- Born: August 21, 1966 Apple Creek, Ohio, US
- Died: November 22, 2023 (aged 57)
- Occupations: Biblical Scholar, Archaeologist, and Professor
- Board member of: Chairperson, Board of Control of the New American Bible for the United States Conference of Catholic Bishops Member, Board of Trustees of the American Schools of Oriental Research
- Spouse: Anne-Marie Duffy Miller
- Children: 4

Academic background
- Education: Kent State University, University of Michigan
- Alma mater: University of Michigan (Ph.D.)
- Thesis: A Social History of Highland Israel in the 12th and 11th Centuries BCE (1998)
- Doctoral advisor: Brian B. Schmidt

Academic work
- Discipline: Old Testament, History of Ancient Israel, Biblical Theology, Syro-Palestinian Archaeology
- Institutions: West Virginia University, Mount St. Mary's Seminary, Catholic University of America, University of Pretoria, St John's College, Cambridge

= Robert D. Miller =

Religious scholar and Old Testament theologian

Robert Donald Miller II OFS (August 21, 1966 – November 22, 2023) was an Old Testament theologian and biblical archaeologist at The Catholic University of America in Washington, D.C. He was also known for his Great Courses series Understanding the Old Testament. "Chieftains of the Highland Clans: A History of Israel in the Twelfth and Eleventh Centuries B.C.", published in 2005, is cited as among his best-known works.

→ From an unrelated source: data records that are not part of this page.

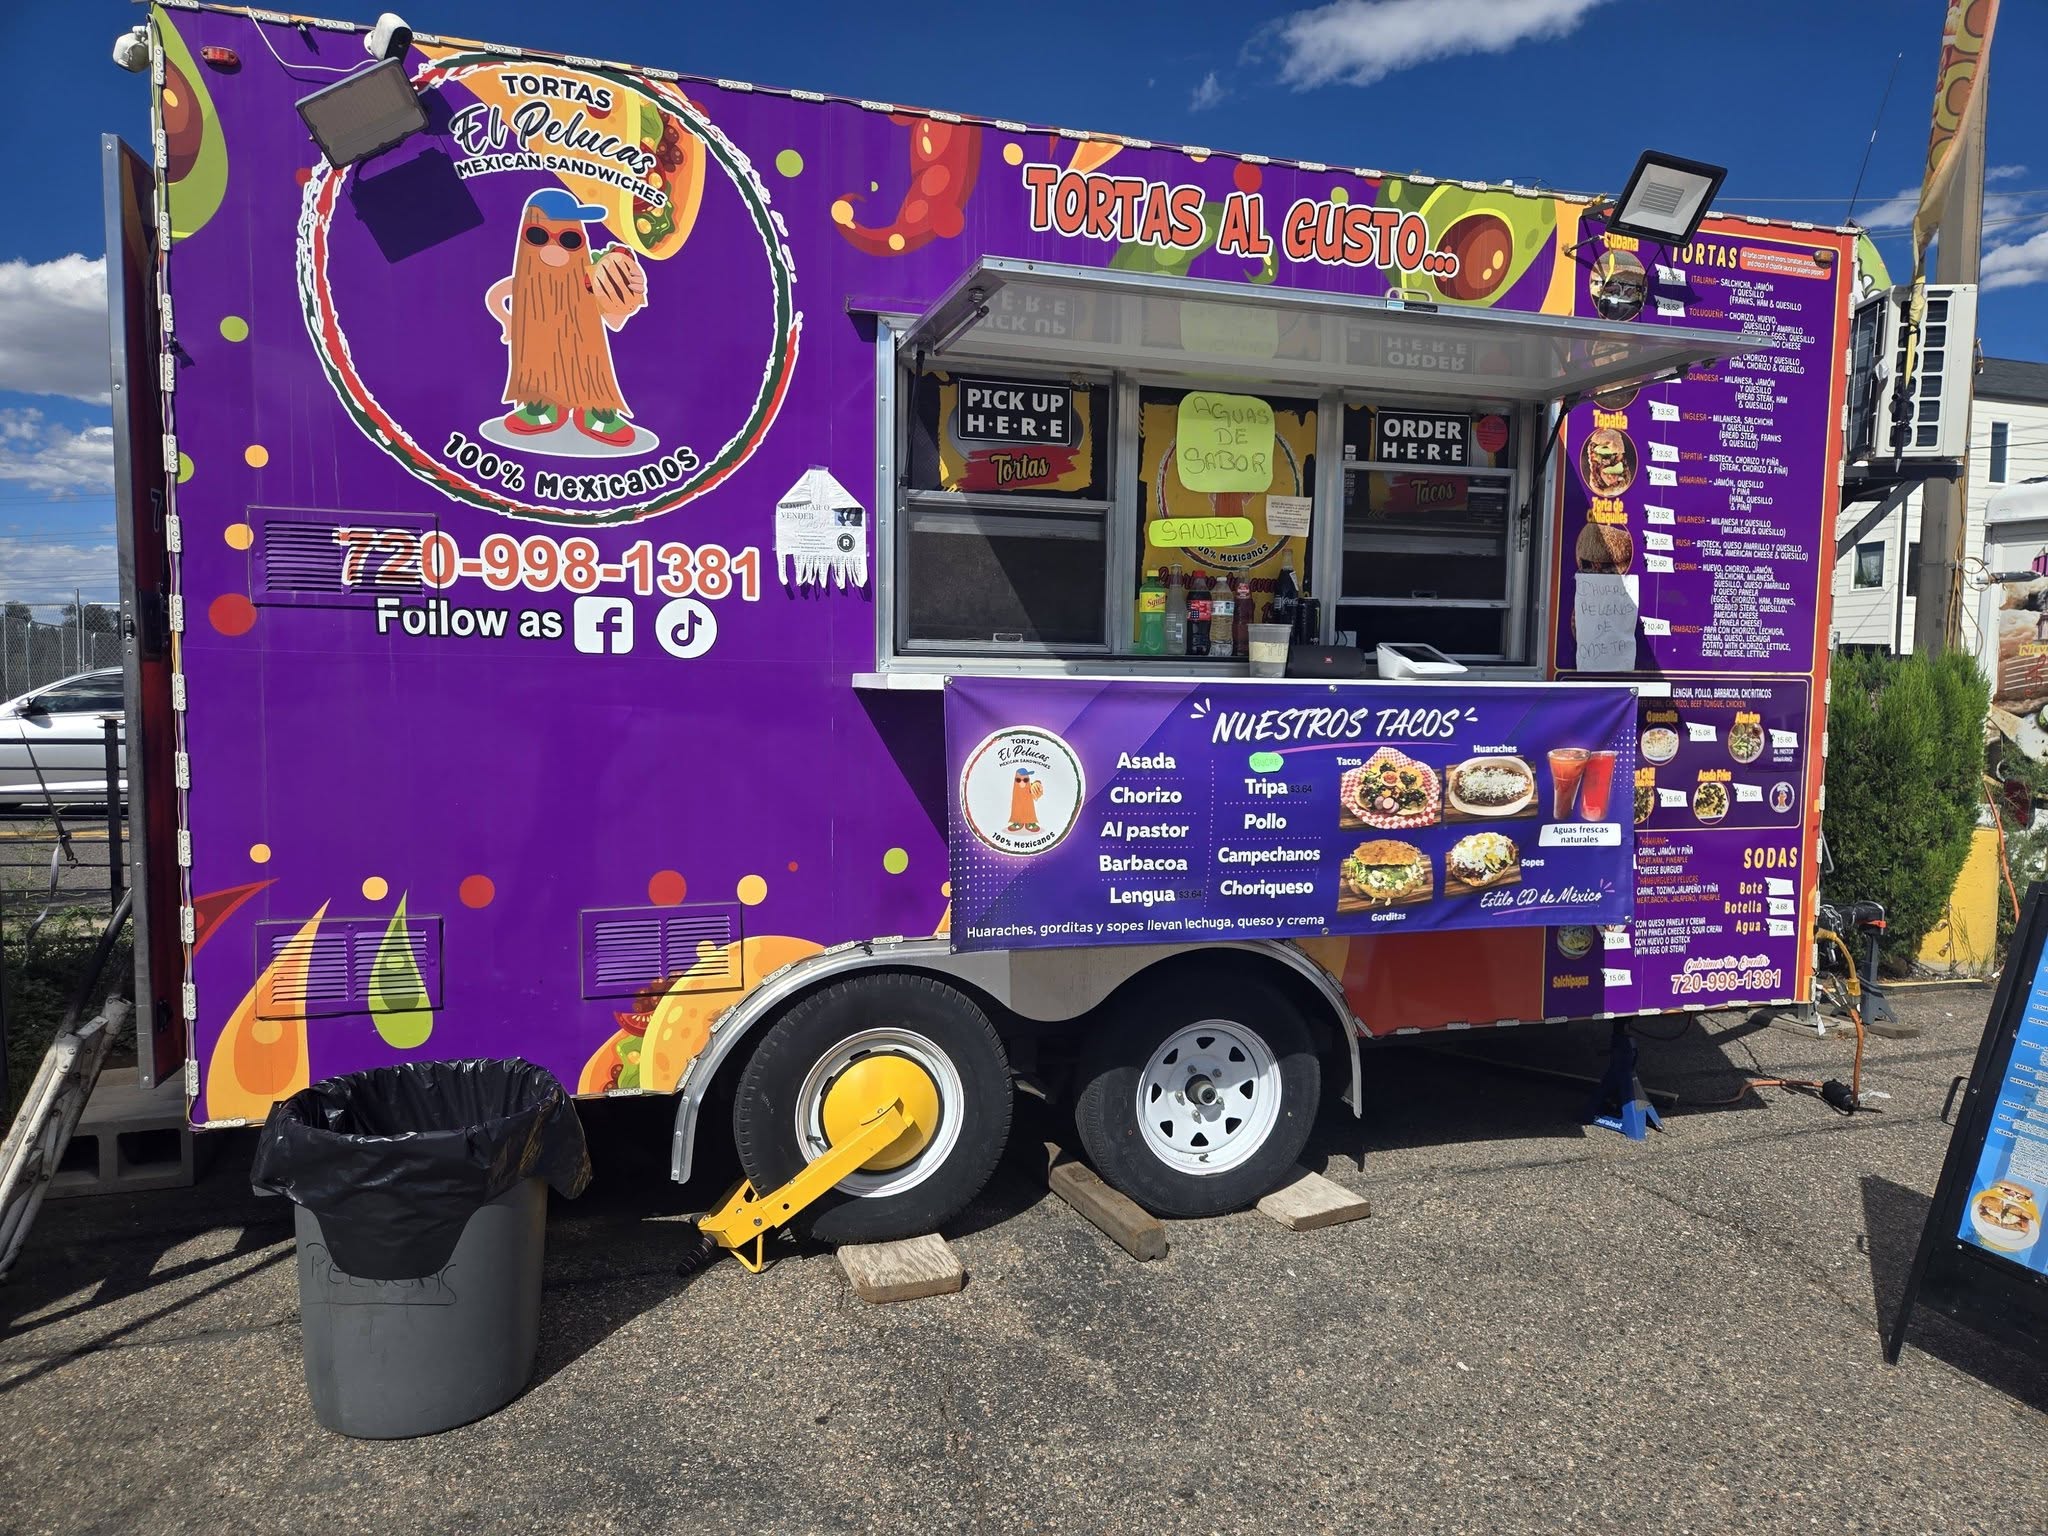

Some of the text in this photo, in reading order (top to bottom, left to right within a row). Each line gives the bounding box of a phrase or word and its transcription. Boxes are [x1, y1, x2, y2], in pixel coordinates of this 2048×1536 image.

[501, 74, 611, 109] TORTAS
[448, 101, 656, 176] El Pelucas
[455, 154, 668, 208] MEXICAN SANDWICHES
[1025, 166, 1459, 276] TORTAS AL GUSTO...
[967, 388, 1064, 413] PICK UP
[1193, 396, 1269, 427] AGUAS
[1657, 408, 1674, 416] 13.52
[1214, 427, 1248, 445] DE
[1384, 418, 1462, 440] ORDER
[1183, 447, 1266, 475] SABOR
[1655, 450, 1673, 458] 13.52
[443, 430, 698, 500] 100% Mexicanos
[989, 453, 1050, 485] Tortas
[1410, 480, 1455, 505] Tacos
[1652, 511, 1670, 520] 13.52
[1161, 521, 1239, 542] SANDIA
[1651, 538, 1668, 546] 13.52
[333, 528, 761, 601] 720-998-1381
[518, 610, 564, 639] as
[1211, 706, 1459, 744] NUESTROS TACOS
[1011, 738, 1040, 747] TORTAS
[1473, 743, 1517, 754] Huaraches
[997, 745, 1050, 762] El Pelucas
[1116, 752, 1176, 770] Asada
[1336, 757, 1362, 766] Tacos
[1110, 786, 1182, 804] Chorizo
[1244, 777, 1313, 799] Tripa $3.64
[1244, 812, 1287, 830] Pollo
[1553, 824, 1609, 836] Aguas frescas
[991, 831, 1012, 847] 100%
[1101, 821, 1190, 843] Al pastor
[1560, 834, 1599, 844] naturales
[1100, 855, 1188, 872] Barbacoa
[1217, 846, 1321, 866] Campechanos
[1521, 857, 1545, 868] Sopes
[1743, 846, 1798, 869] SODAS
[1110, 886, 1176, 908] Lengua
[1220, 879, 1314, 899] Choriqueso
[1480, 884, 1604, 909] Estilo CD de México
[1739, 882, 1763, 895] Bote
[967, 914, 1325, 939] Huaraches, gorditas y sopes llevan lechuga, queso y crema
[1371, 912, 1406, 922] Gorditas
[1735, 919, 1761, 935] Agua
[1670, 969, 1782, 995] 720-998-1381
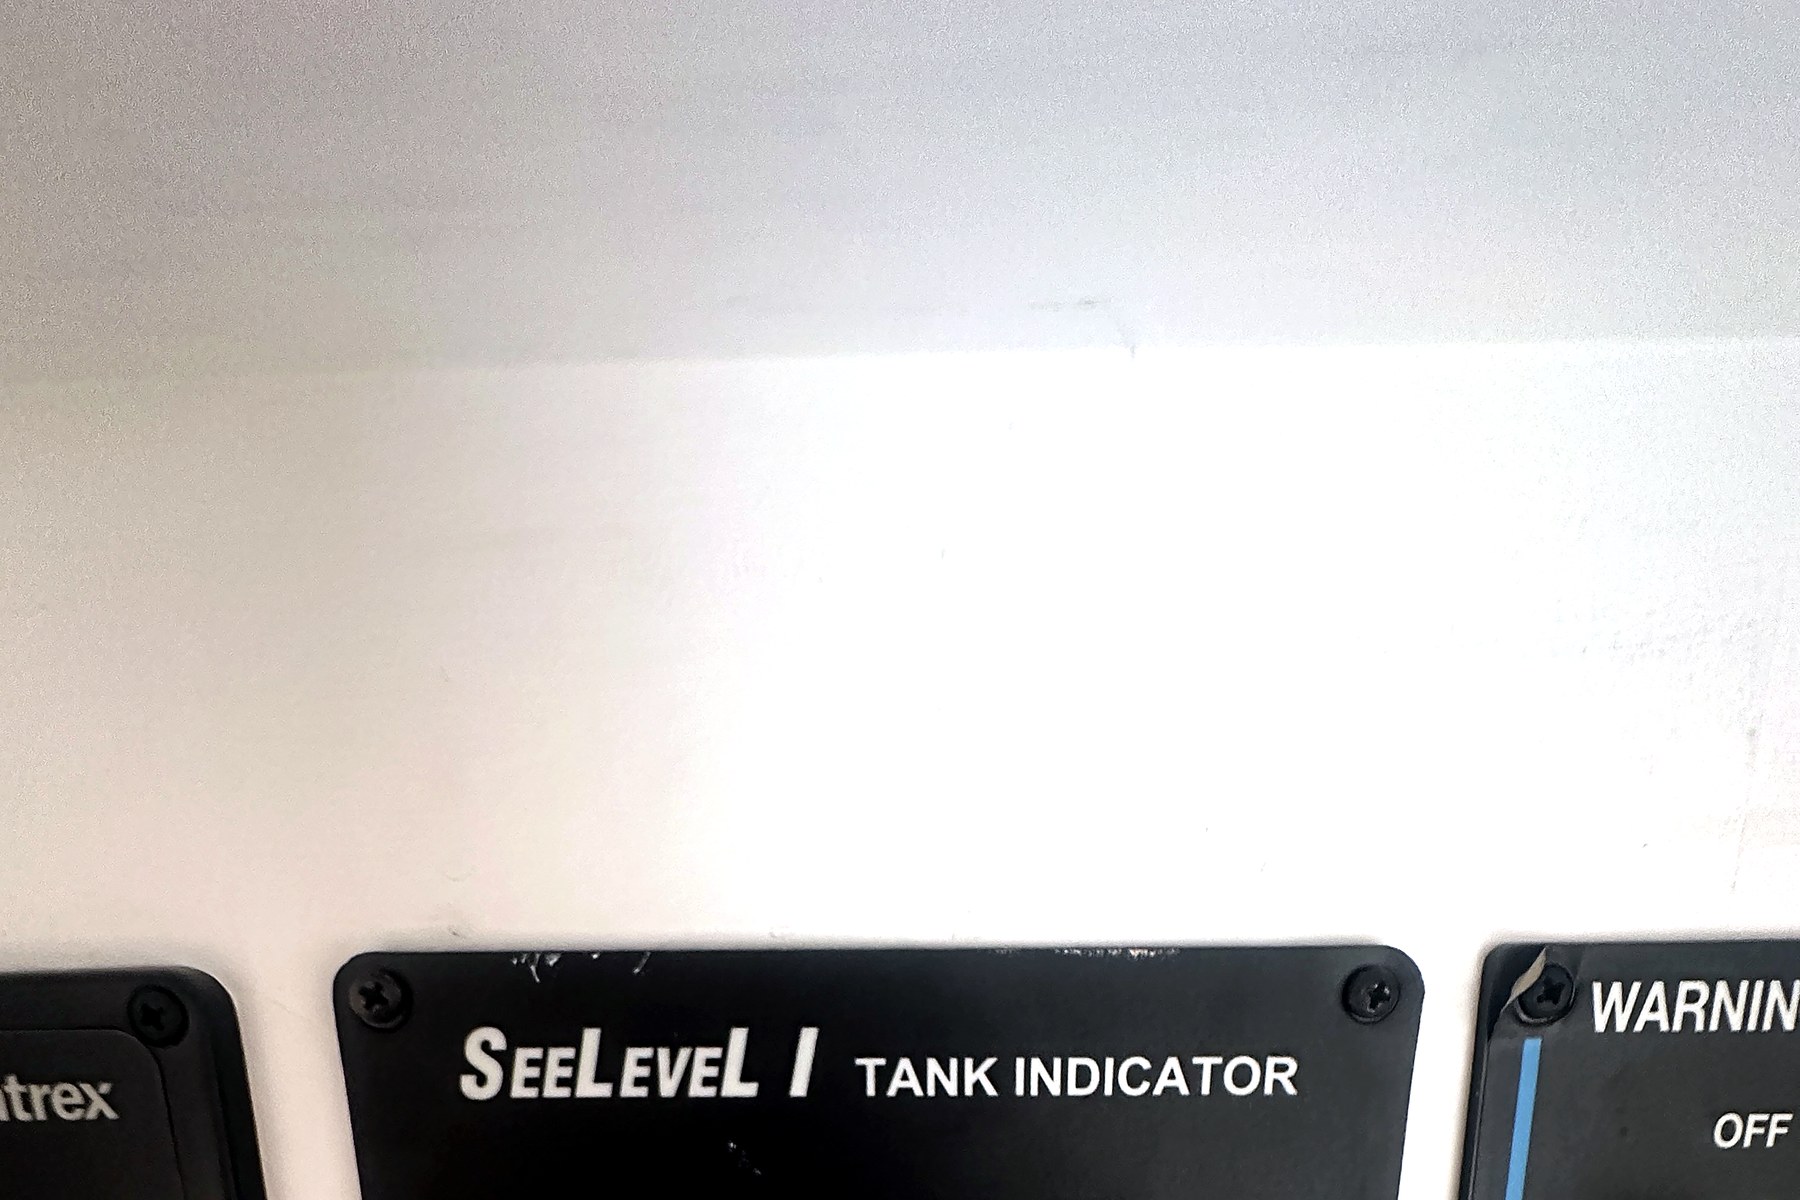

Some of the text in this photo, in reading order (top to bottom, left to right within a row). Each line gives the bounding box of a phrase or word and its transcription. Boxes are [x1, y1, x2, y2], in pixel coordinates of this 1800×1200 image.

[1592, 979, 1800, 1033] WARNIN
[789, 1027, 819, 1098] I
[854, 1057, 999, 1097] TANK
[1014, 1055, 1298, 1097] INDICATOR
[1713, 1112, 1794, 1149] OFF
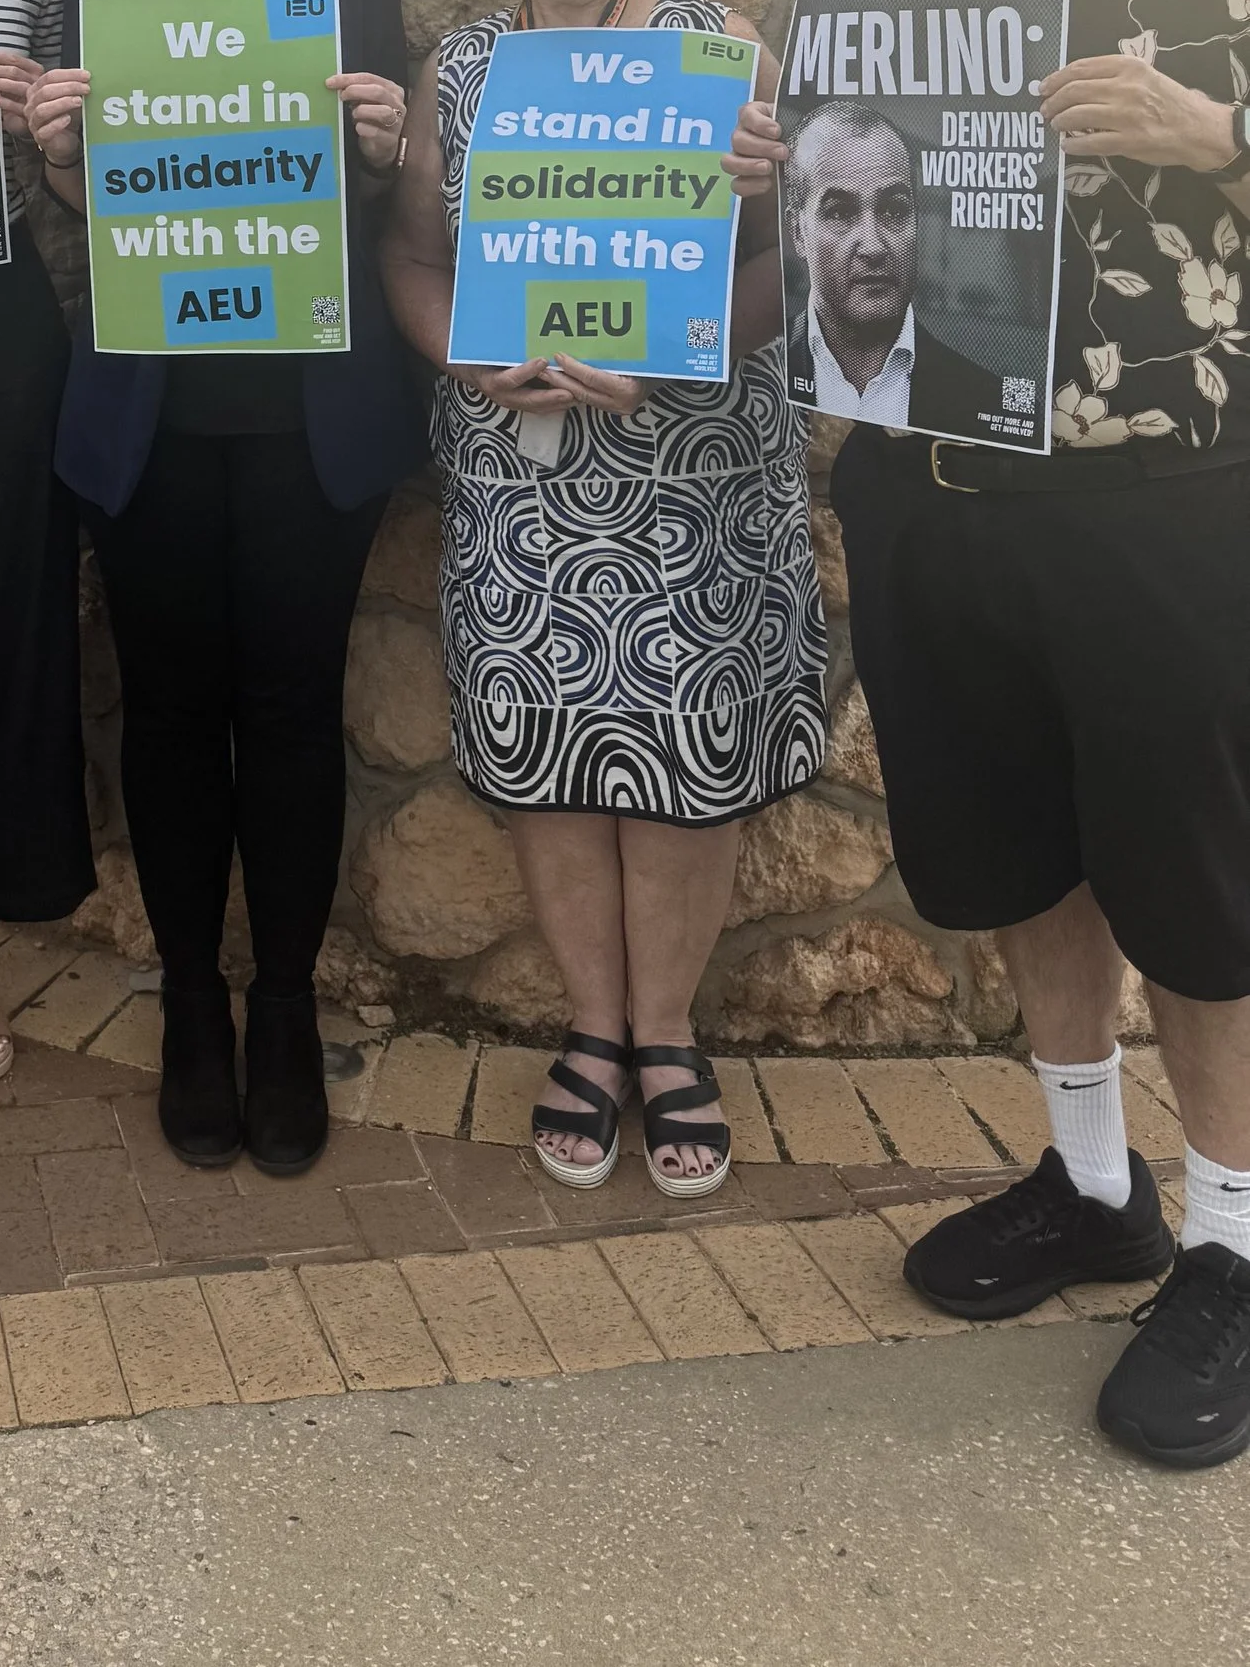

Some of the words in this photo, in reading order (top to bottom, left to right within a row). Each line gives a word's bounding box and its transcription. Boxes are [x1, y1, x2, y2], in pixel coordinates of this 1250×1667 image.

[162, 21, 246, 58] We
[702, 41, 745, 63] IEU
[788, 6, 1043, 97] MERLINO:
[570, 52, 654, 84] We
[102, 84, 250, 126] stand
[262, 80, 310, 122] in
[492, 106, 650, 142] stand
[661, 106, 713, 146] in
[942, 111, 1045, 149] DENYING
[104, 146, 323, 196] solidarity
[481, 164, 720, 210] solidarity
[921, 150, 1044, 190] WORKERS'
[951, 191, 1044, 231] RIGHTS!
[111, 215, 224, 257] with
[234, 216, 320, 255] the
[481, 221, 597, 266] with
[610, 230, 704, 272] the
[176, 286, 262, 324] AEU
[539, 301, 632, 337] AEU
[794, 376, 814, 393] IEU
[977, 412, 991, 421] FIND
[992, 415, 1003, 423] OUT
[1004, 417, 1021, 426] MORE
[1022, 420, 1034, 429] AND
[990, 423, 1002, 432] GET
[1003, 425, 1034, 437] INVOLVED!

==Early life and education==
Robert D. Miller II was originally from Apple Creek, Ohio. Miller obtained his B.A. in Old World Archaeology from Kent State University (1988), and both his M.A. and Ph.D. in Biblical and Near Eastern Studies from the University of Michigan (1991/1998). Miller studied Hebrew Bible under Peter Machinist and Brian B. Schmidt and Archaeology under Henry T. Wright. In 1986 Miller converted to Catholicism, and in June 1998 professed to the Secular Franciscan Order.

==Career==
After graduate school, Miller began teaching as an assistant professor of Religious Studies at the West Virginia University Program for Religious Studies from 1998 to 1999. From 1999 to 2008, he taught as an Assistant (1999–2004), later Associate (2004–2008), Professor of Scripture at Mount St. Mary's Seminary. In 2008, Miller began teaching at The Catholic University of America as an Associate (2008–2018), later Ordinary (2018-present), Professor of Old Testament, receiving tenure in 2012. Miller was appointed Associate Dean of Graduate Studies for the School of Theology in 2017, serving until 2022. Additionally, Miller was Affiliated Faculty at the University of Pretoria and a Life Member of St John's College, Cambridge.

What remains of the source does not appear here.